**Directions for this task**
Each entry must be given again exactly; images do not belong in the copy.

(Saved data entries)
■ ■ ■

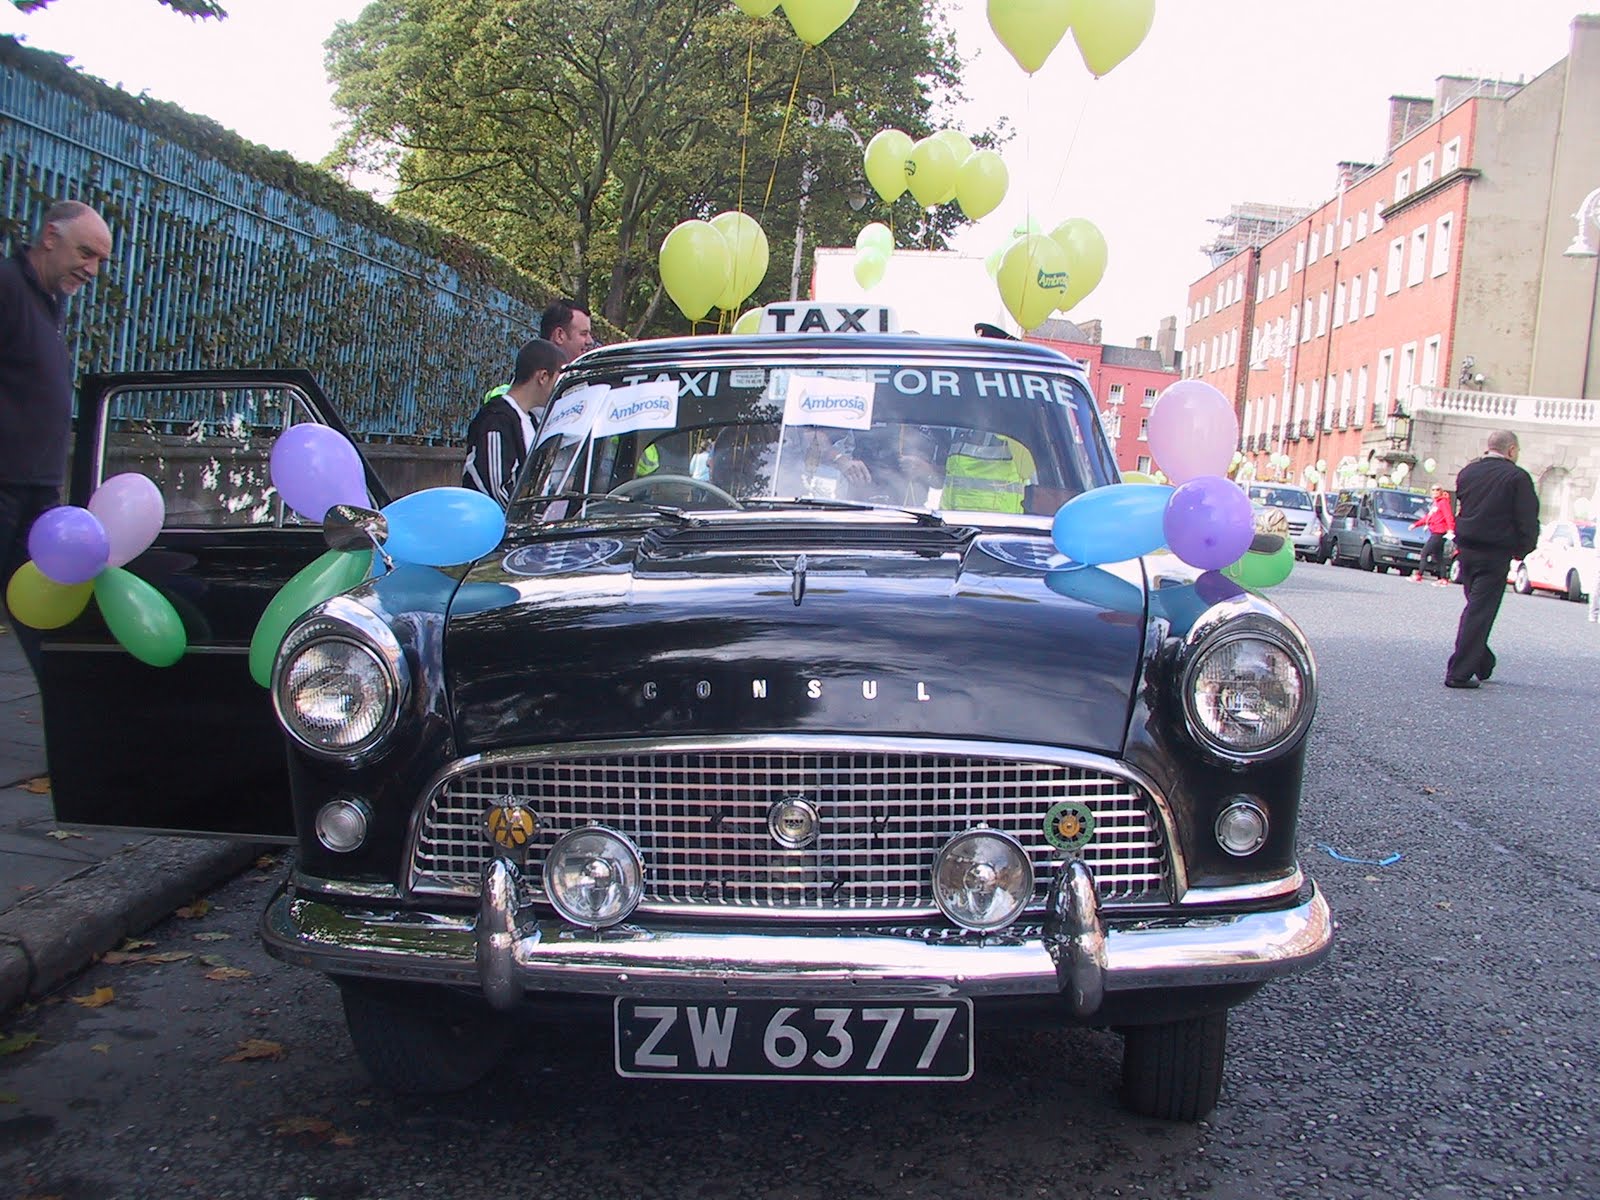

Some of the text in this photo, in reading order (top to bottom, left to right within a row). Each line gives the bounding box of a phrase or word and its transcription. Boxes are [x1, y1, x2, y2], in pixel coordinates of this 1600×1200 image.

[767, 308, 889, 333] TAXI
[866, 368, 961, 397] FOR
[974, 371, 1079, 411] HIRE
[609, 395, 670, 420] Ambrosia
[801, 395, 866, 412] Ambrosia
[642, 679, 931, 701] CONSUL
[633, 1006, 958, 1070] ZW 6377
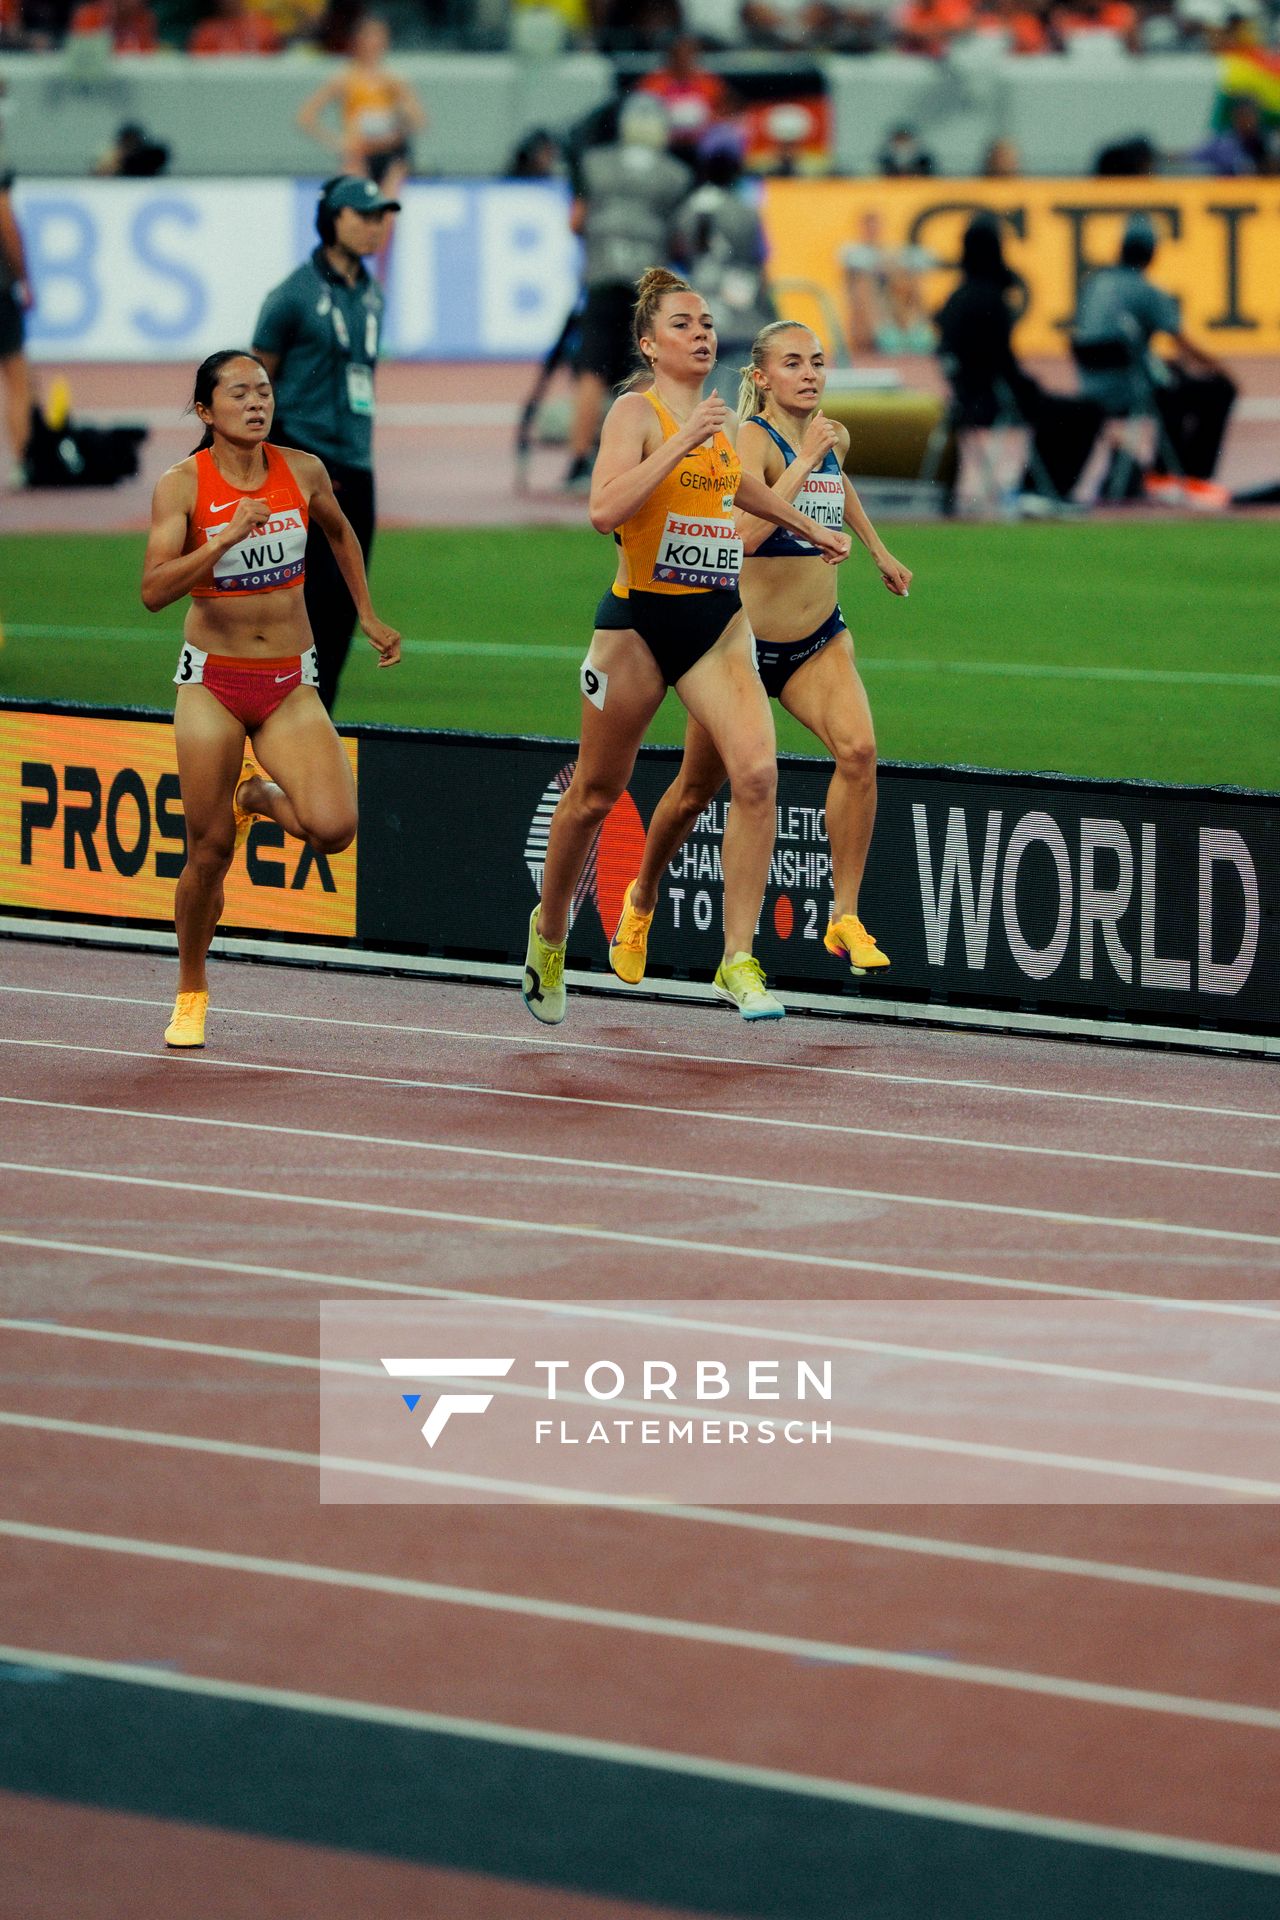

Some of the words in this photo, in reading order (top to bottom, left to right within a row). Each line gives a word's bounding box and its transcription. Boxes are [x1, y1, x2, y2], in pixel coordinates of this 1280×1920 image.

[680, 471, 738, 492] GERMANY
[240, 542, 284, 569] WU
[665, 543, 739, 570] KOLBE
[181, 650, 192, 681] 3
[585, 669, 599, 695] 9
[912, 803, 1260, 996] WORLD

■ ■ ■

**Task output**
Some of the text in this photo, in reading order (top to bottom, left to right within a row). Each line gives the bounding box of a phrase or word and its transcription. Boxes are [x1, y1, x2, y2], in pixel coordinates of this 1600×1200 image.

[767, 308, 889, 333] TAXI
[866, 368, 961, 397] FOR
[974, 371, 1079, 411] HIRE
[609, 395, 670, 420] Ambrosia
[801, 395, 866, 412] Ambrosia
[642, 679, 931, 701] CONSUL
[633, 1006, 958, 1070] ZW 6377

Some of the words in this photo, in reading order (top to bottom, left to right within a row). Each line gives a word's bounding box and its transcription. Boxes are [x1, y1, x2, y2], in pixel coordinates of this 1280×1920 image.

[680, 471, 738, 492] GERMANY
[240, 542, 284, 569] WU
[665, 543, 739, 570] KOLBE
[181, 650, 192, 681] 3
[585, 669, 599, 695] 9
[912, 803, 1260, 996] WORLD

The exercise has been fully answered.